Supplied material Block Start
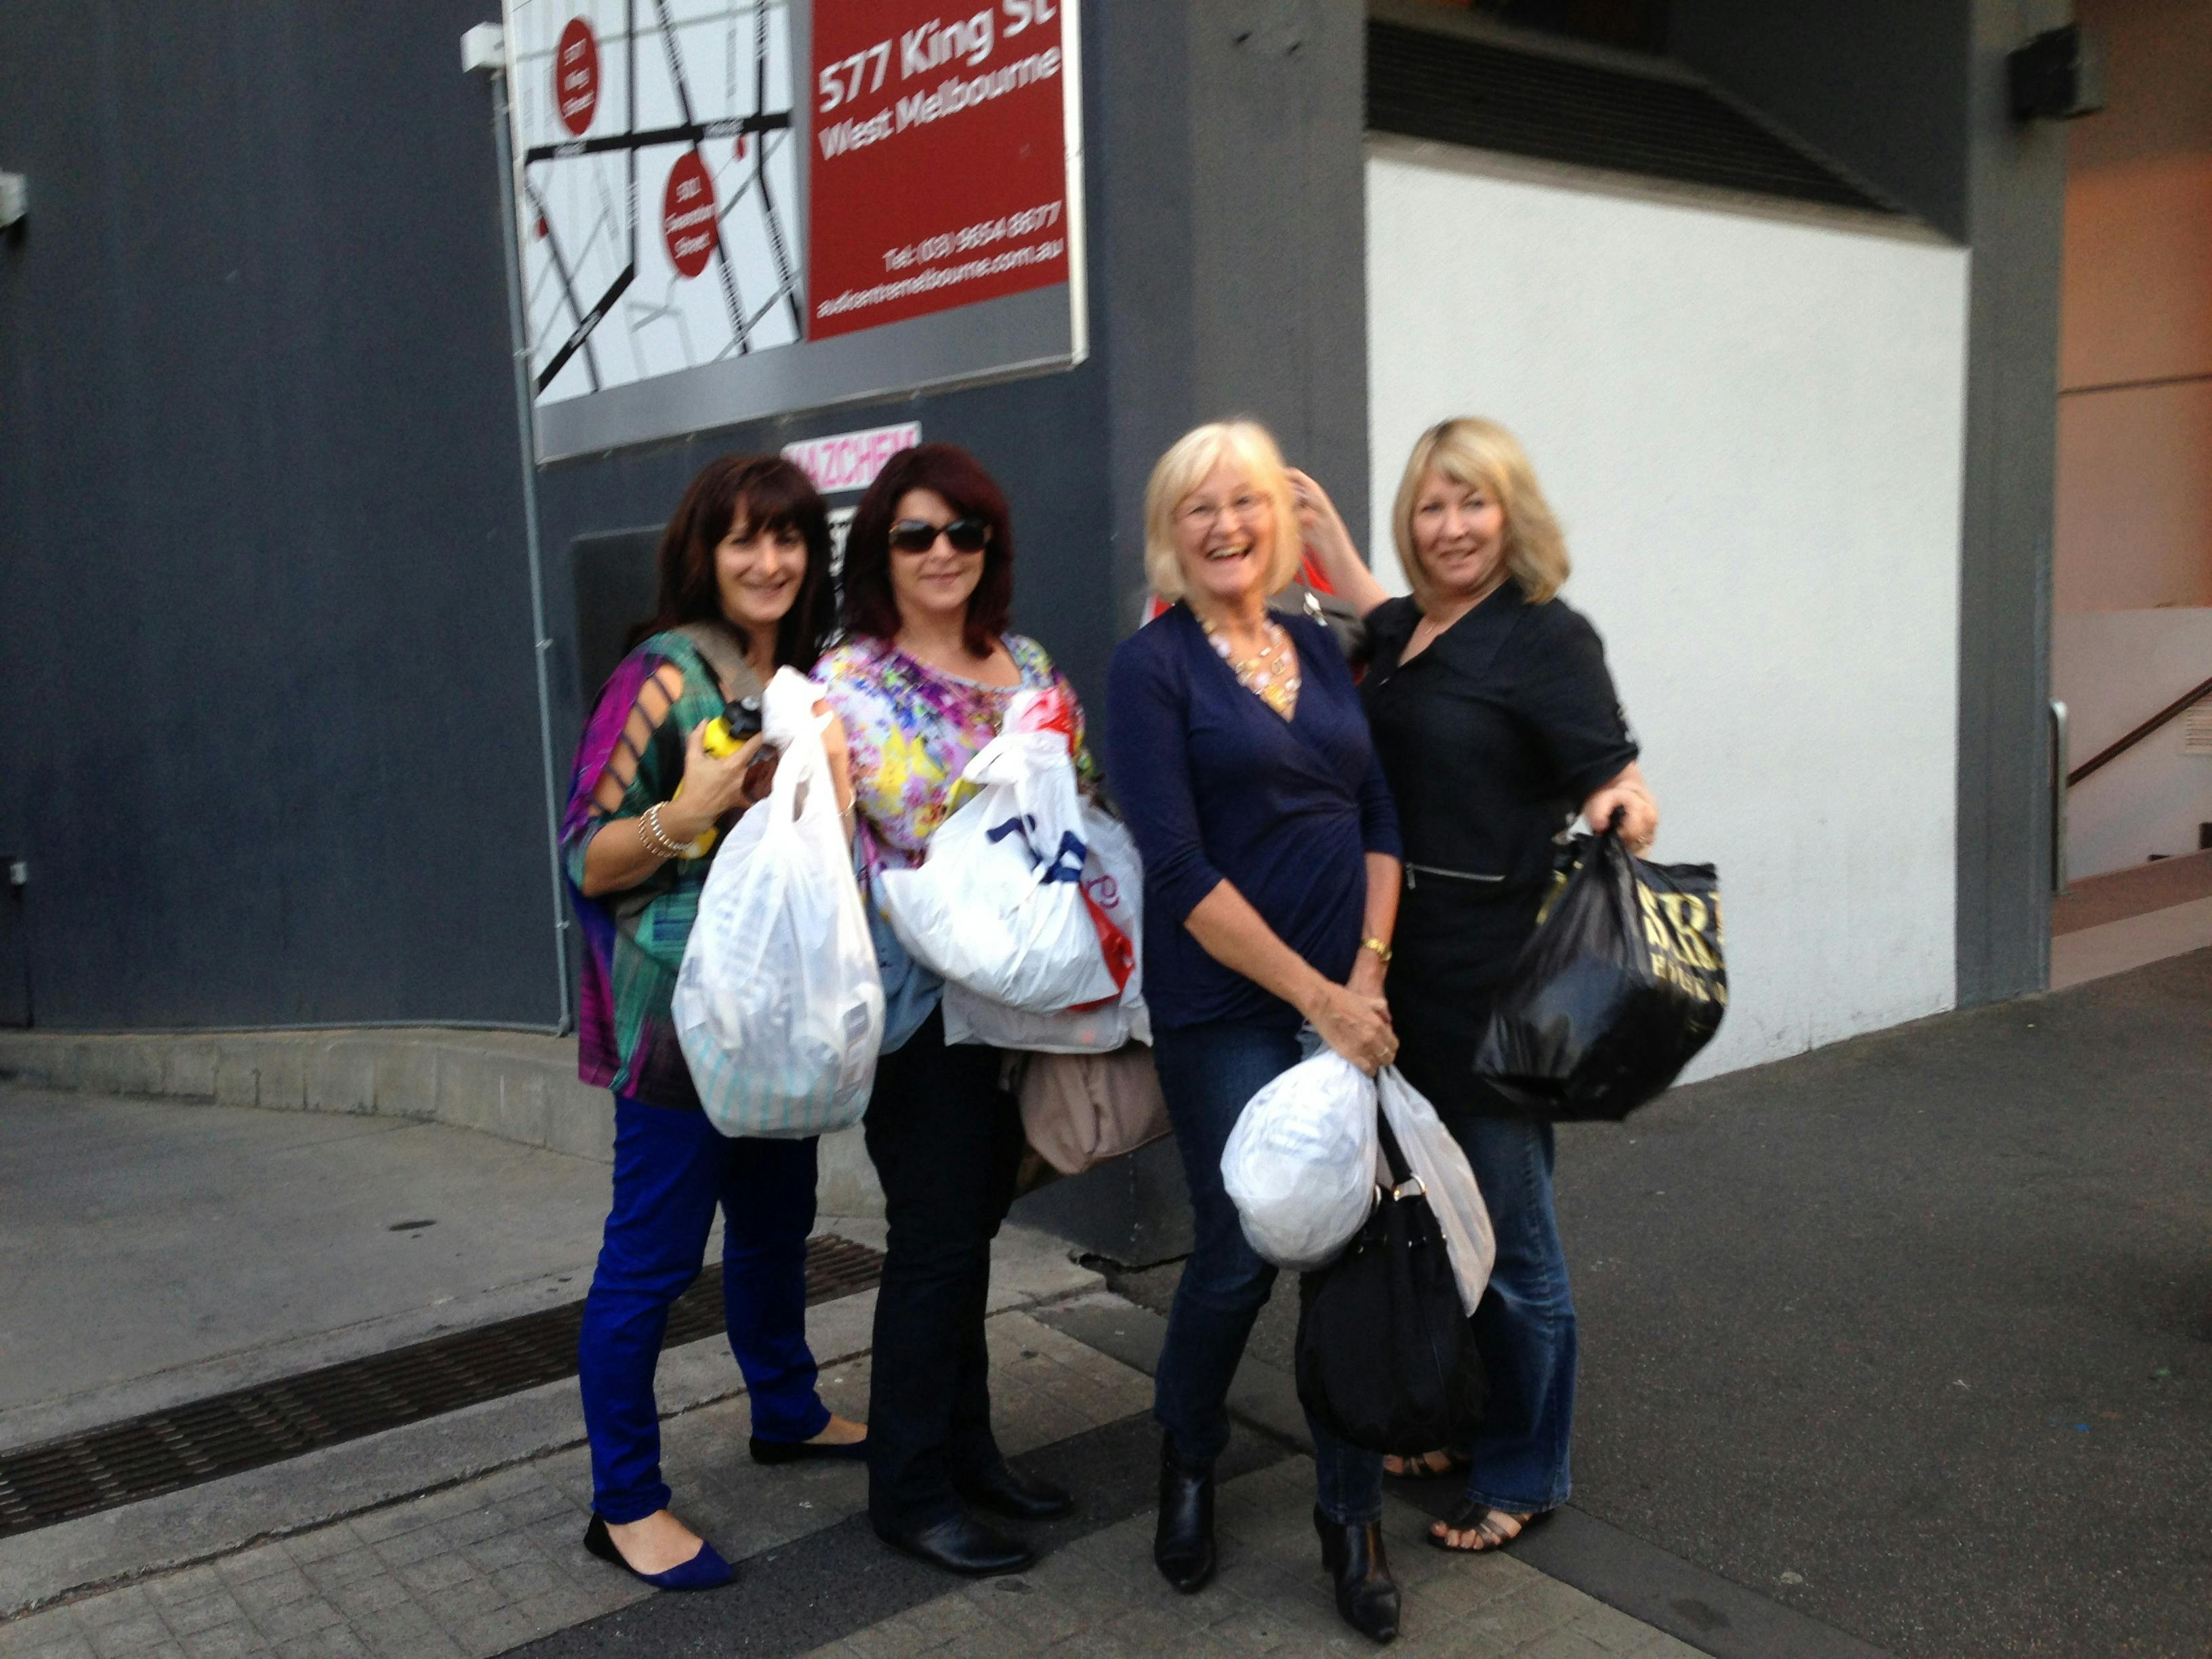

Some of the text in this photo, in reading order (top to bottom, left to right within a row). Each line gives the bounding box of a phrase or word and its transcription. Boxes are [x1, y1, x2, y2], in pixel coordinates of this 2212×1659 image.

[818, 45, 1062, 161] West Melbourne
[819, 39, 893, 113] 577
[899, 7, 994, 80] King
[1002, 0, 1057, 39] St
Supplied material Block End
Activity – Please write out every line of the listing above exactly, and leave the images behind.

Your solution –
Some of the text in this photo, in reading order (top to bottom, left to right within a row). Each line gives the bounding box of a phrase or word and its transcription. Boxes are [x1, y1, x2, y2], in pixel coordinates of this 2212×1659 image.

[818, 45, 1062, 161] West Melbourne
[819, 39, 893, 113] 577
[899, 7, 994, 80] King
[1002, 0, 1057, 39] St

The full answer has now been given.